**Data to use**
--- START ---
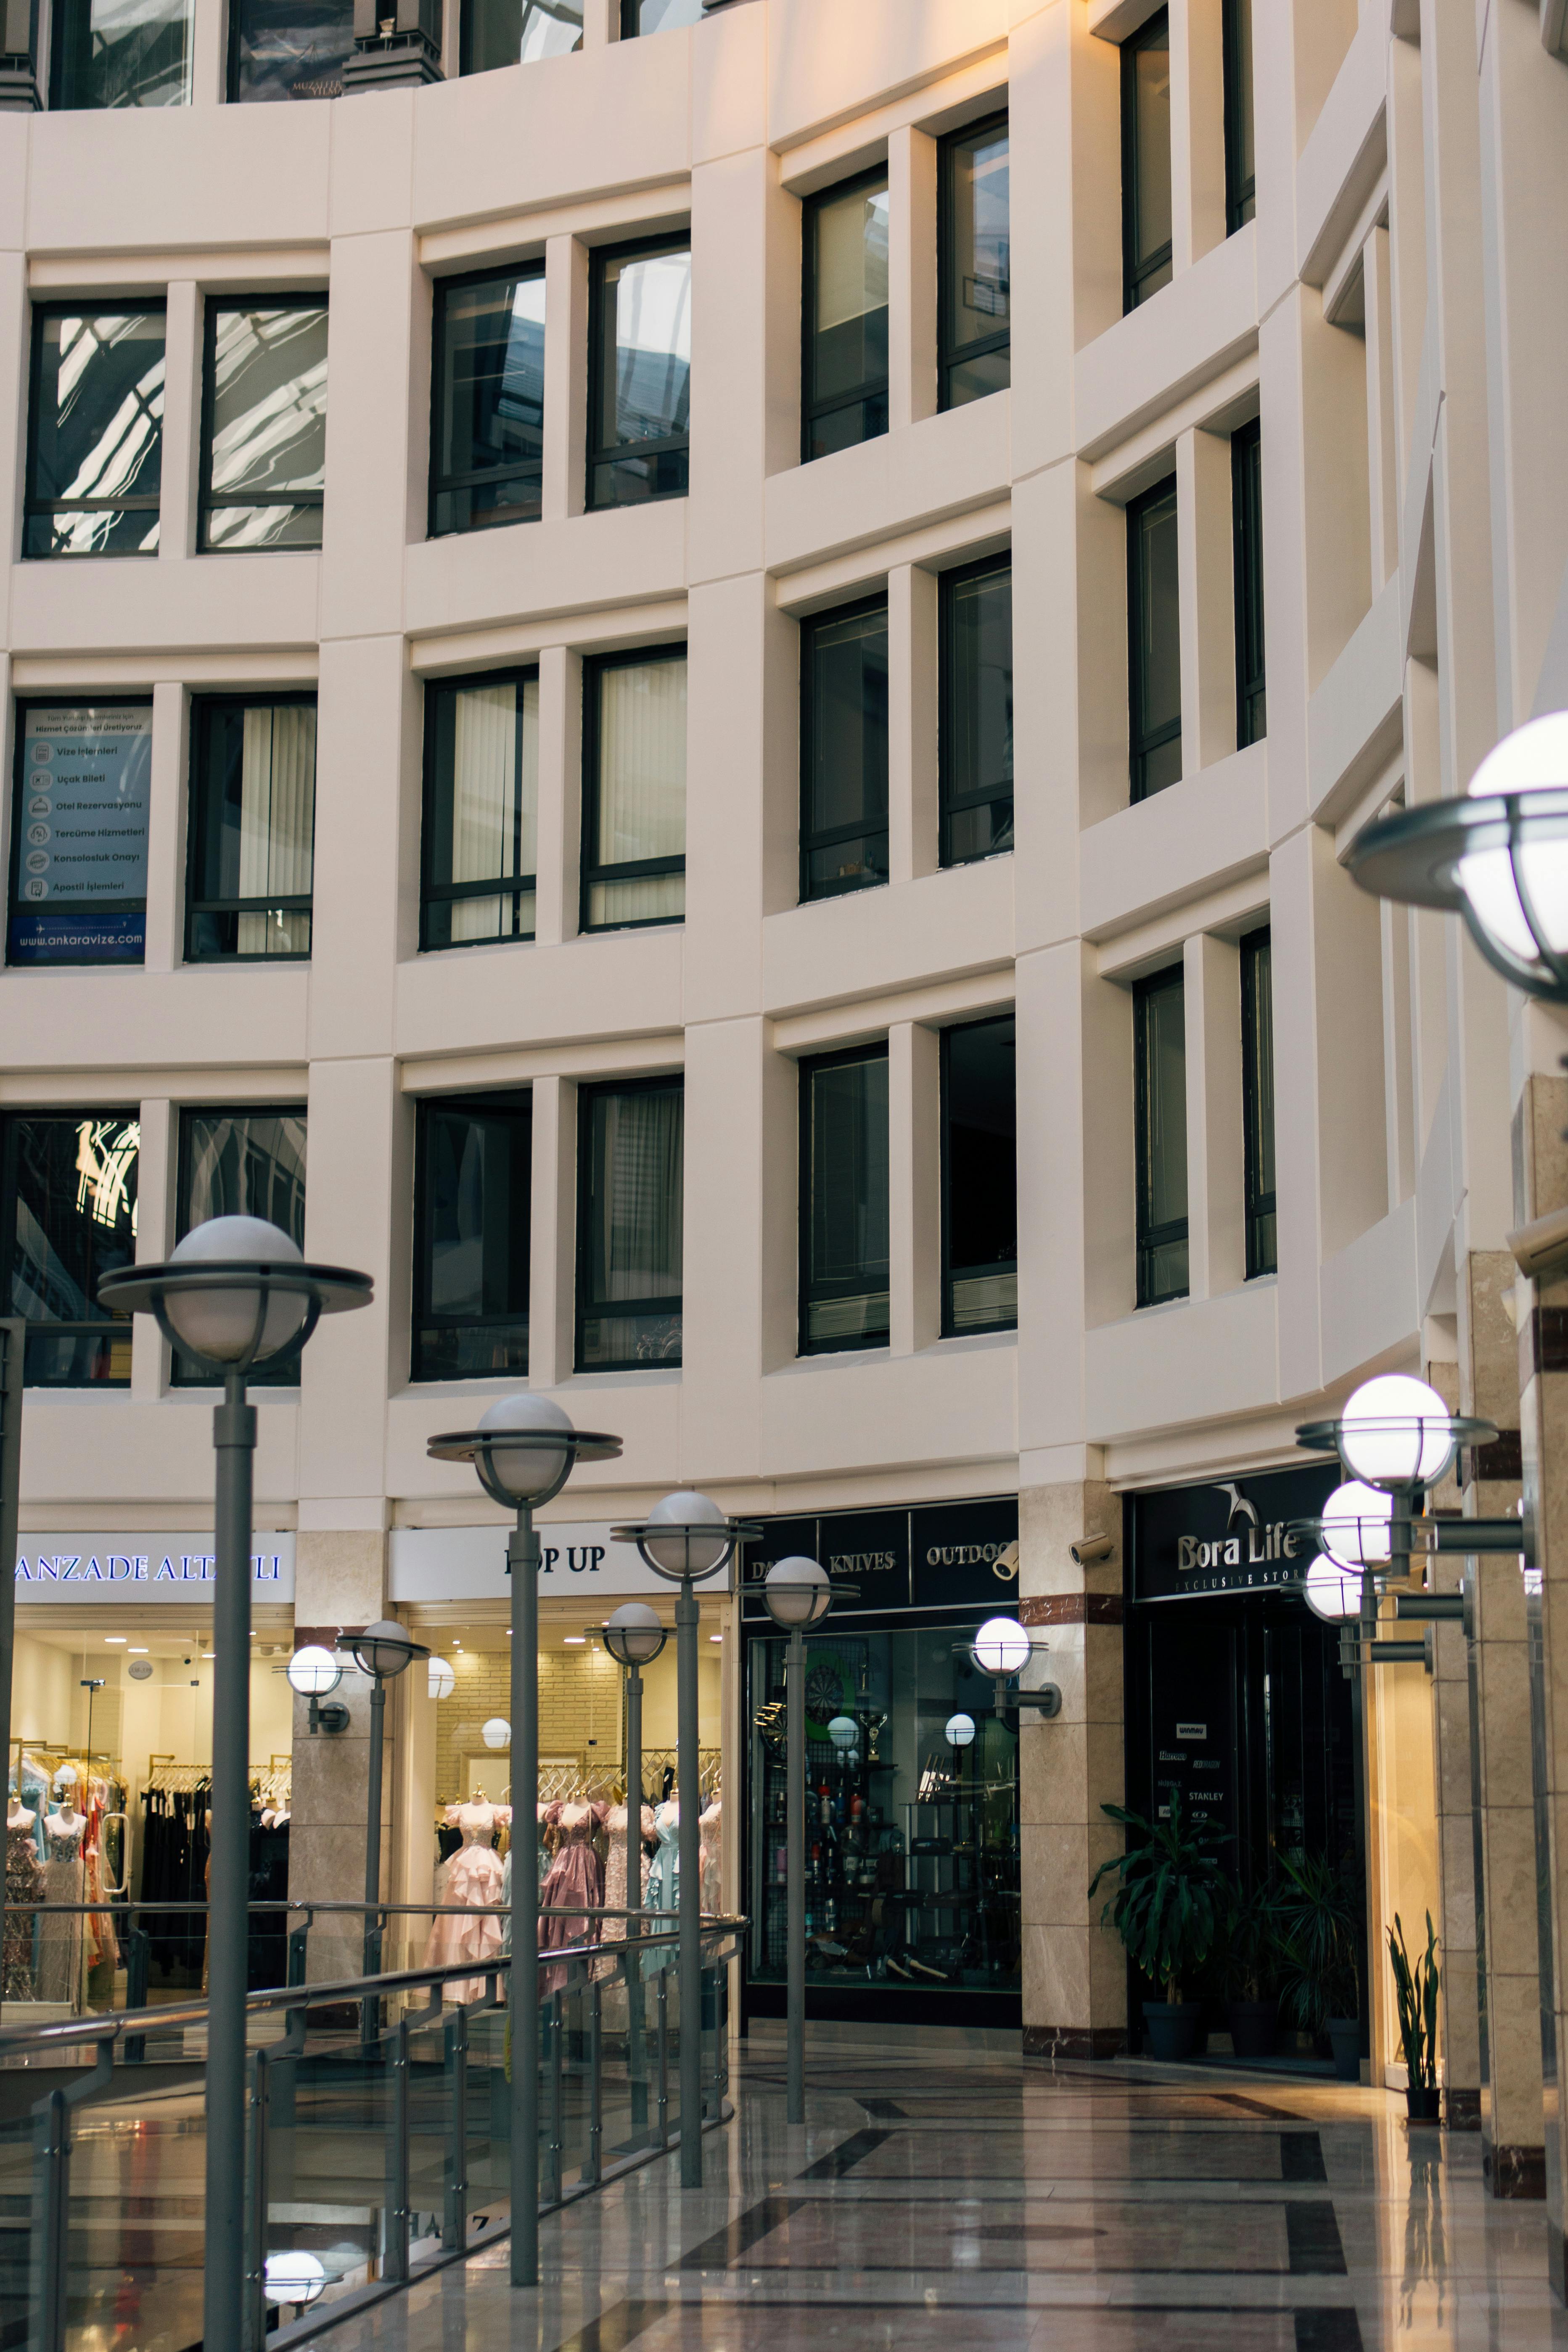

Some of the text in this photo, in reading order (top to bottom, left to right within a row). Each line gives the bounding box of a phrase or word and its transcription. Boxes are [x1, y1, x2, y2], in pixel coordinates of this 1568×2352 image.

[57, 774, 105, 785] Uçak Bileti
[77, 801, 142, 811] Rezervasyonu
[56, 827, 145, 838] Tercüme Hizmetleri
[54, 854, 109, 862] Konsolosluk
[112, 854, 140, 863] Onayı
[53, 881, 124, 893] Apostil İşlemleri
[20, 934, 142, 946] www.ankaravize.com
[1178, 1521, 1298, 1570] Bora Life
[567, 1546, 606, 1572] UP
[830, 1551, 896, 1574] KNIVES
[1175, 1574, 1253, 1592] EXCLUSIVE
[1189, 1792, 1224, 1801] STANLEY
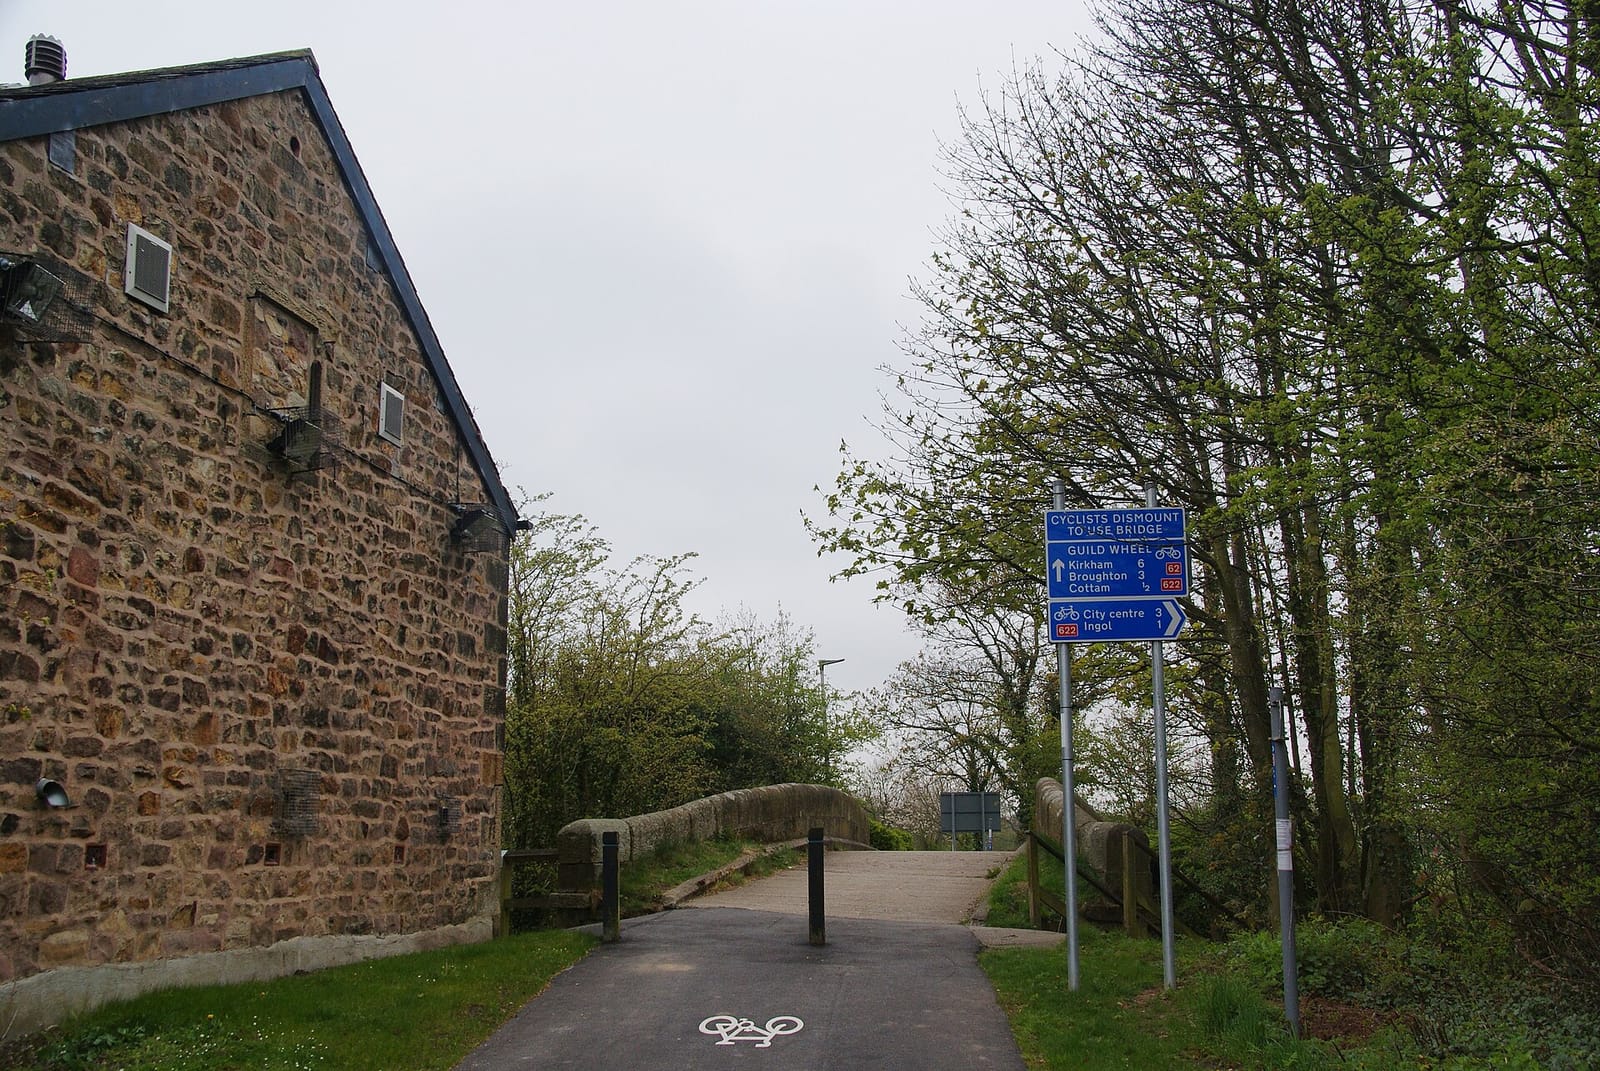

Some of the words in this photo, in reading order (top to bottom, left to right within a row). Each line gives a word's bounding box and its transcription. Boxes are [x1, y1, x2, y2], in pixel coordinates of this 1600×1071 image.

[1051, 514, 1108, 525] CYCLISTS
[1113, 512, 1179, 523] DISMOUNT
[1067, 526, 1083, 536] TO
[1088, 525, 1111, 536] USE
[1117, 524, 1162, 535] BRIDGE
[1067, 545, 1105, 556] GUILD
[1110, 544, 1152, 555] WHEEL
[1068, 560, 1113, 569] Kirkham
[1137, 558, 1145, 568] 6
[1168, 564, 1180, 573] 62
[1069, 571, 1127, 583] Broughton
[1137, 570, 1145, 580] 3
[1069, 583, 1110, 593] Cottam
[1163, 580, 1181, 589] 622
[1083, 609, 1106, 620] City
[1109, 608, 1145, 618] centre
[1155, 608, 1162, 617] 3
[1058, 626, 1077, 635] 622
[1084, 621, 1112, 632] Ingol
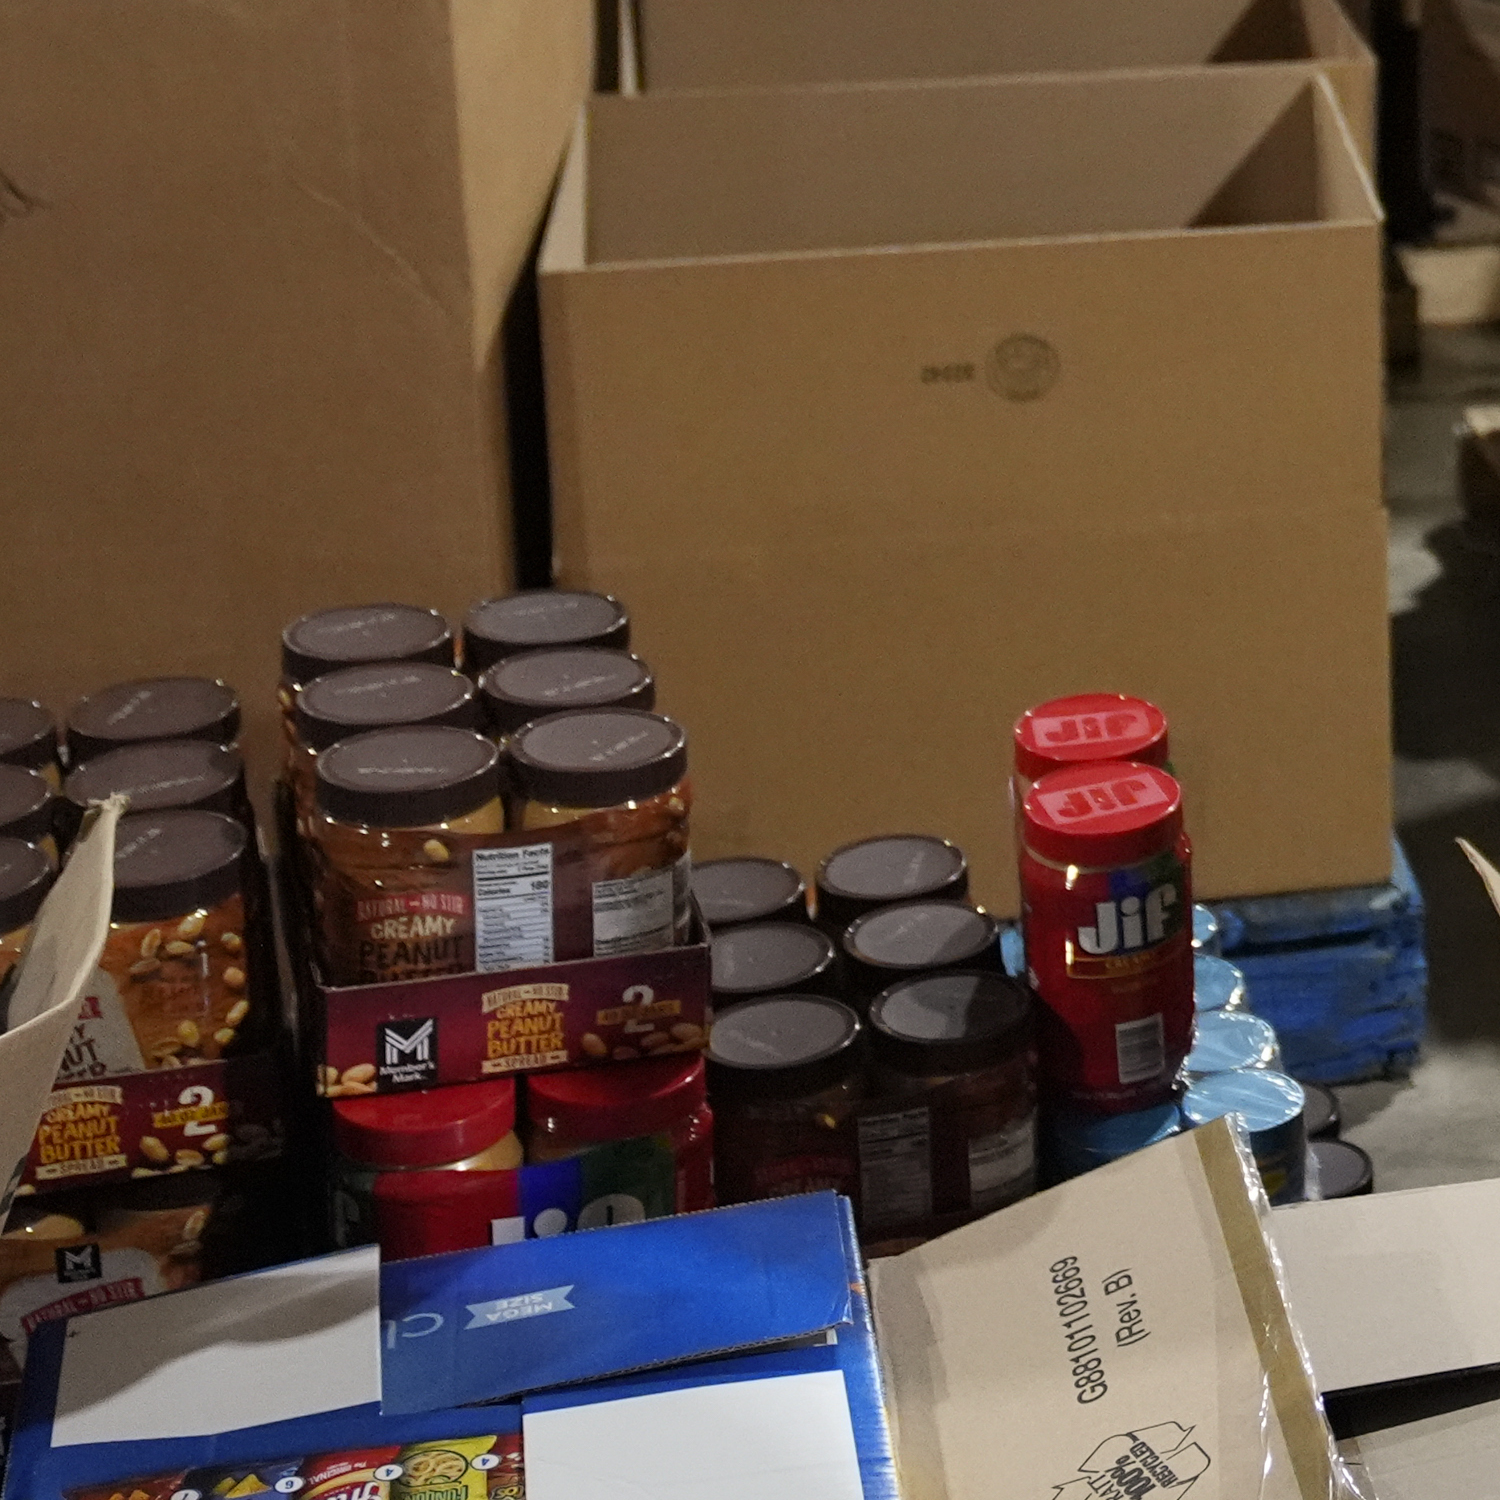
--- END ---
**Exercise**
If a record holds a picture, leave that picture out; retype everything else exactly.

**Solution for this problem**
Some of the text in this photo, in reading order (top to bottom, left to right within a row). Each line gives the bounding box of a phrase or word and its transcription. Boxes are [x1, y1, x2, y2], in pixel coordinates of this 1568×2352 image.

[57, 774, 105, 785] Uçak Bileti
[77, 801, 142, 811] Rezervasyonu
[56, 827, 145, 838] Tercüme Hizmetleri
[54, 854, 109, 862] Konsolosluk
[112, 854, 140, 863] Onayı
[53, 881, 124, 893] Apostil İşlemleri
[20, 934, 142, 946] www.ankaravize.com
[1178, 1521, 1298, 1570] Bora Life
[567, 1546, 606, 1572] UP
[830, 1551, 896, 1574] KNIVES
[1175, 1574, 1253, 1592] EXCLUSIVE
[1189, 1792, 1224, 1801] STANLEY

Some of the words in this photo, in reading order (top to bottom, left to right within a row). Each line gives a word's bounding box and its transcription. Boxes are [x1, y1, x2, y2], in pixel coordinates of this 1600×1071 image.

[1051, 514, 1108, 525] CYCLISTS
[1113, 512, 1179, 523] DISMOUNT
[1067, 526, 1083, 536] TO
[1088, 525, 1111, 536] USE
[1117, 524, 1162, 535] BRIDGE
[1067, 545, 1105, 556] GUILD
[1110, 544, 1152, 555] WHEEL
[1068, 560, 1113, 569] Kirkham
[1137, 558, 1145, 568] 6
[1168, 564, 1180, 573] 62
[1069, 571, 1127, 583] Broughton
[1137, 570, 1145, 580] 3
[1069, 583, 1110, 593] Cottam
[1163, 580, 1181, 589] 622
[1083, 609, 1106, 620] City
[1109, 608, 1145, 618] centre
[1155, 608, 1162, 617] 3
[1058, 626, 1077, 635] 622
[1084, 621, 1112, 632] Ingol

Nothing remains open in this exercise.